Dataset entries
──────────────────────────────

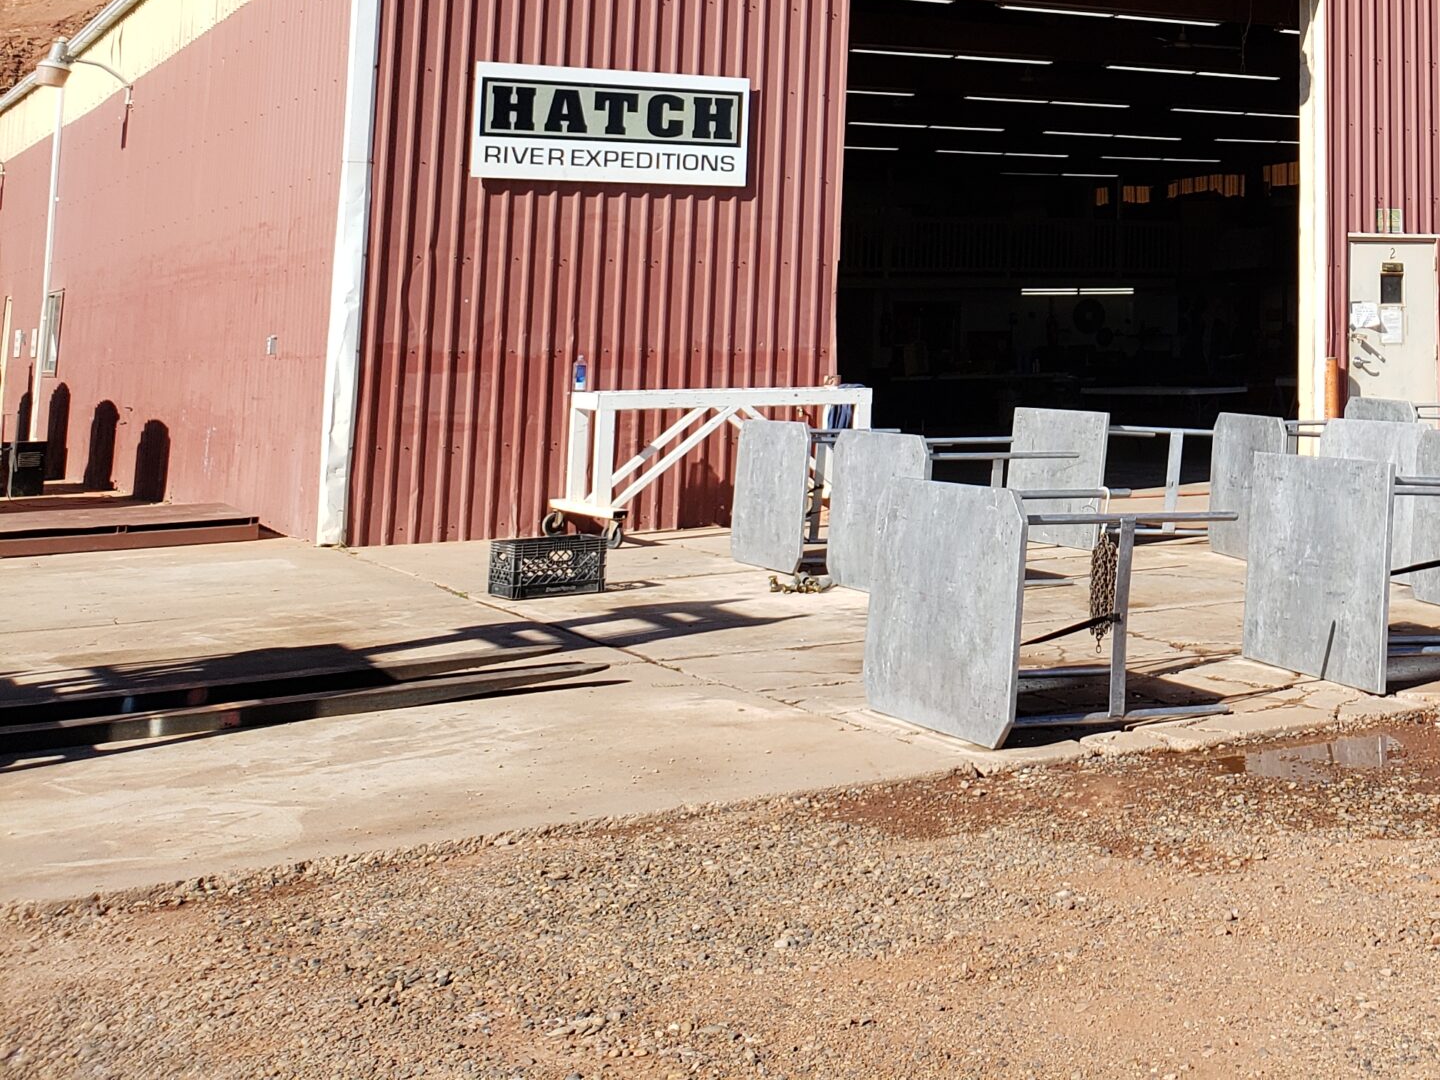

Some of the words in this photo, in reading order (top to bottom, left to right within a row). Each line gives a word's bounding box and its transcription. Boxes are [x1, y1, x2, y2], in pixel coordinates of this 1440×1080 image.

[490, 85, 734, 139] HATCH
[484, 145, 564, 166] RIVER
[570, 148, 736, 172] EXPEDITIONS
[1389, 247, 1396, 260] 2

──────────────────────────────

== EXERCISE ==
Would you repeat the entries exactly, but with no pictures?

== RESPONSE ==
Some of the words in this photo, in reading order (top to bottom, left to right within a row). Each line gives a word's bounding box and its transcription. Boxes are [x1, y1, x2, y2], in pixel coordinates of this 1440×1080 image.

[490, 85, 734, 139] HATCH
[484, 145, 564, 166] RIVER
[570, 148, 736, 172] EXPEDITIONS
[1389, 247, 1396, 260] 2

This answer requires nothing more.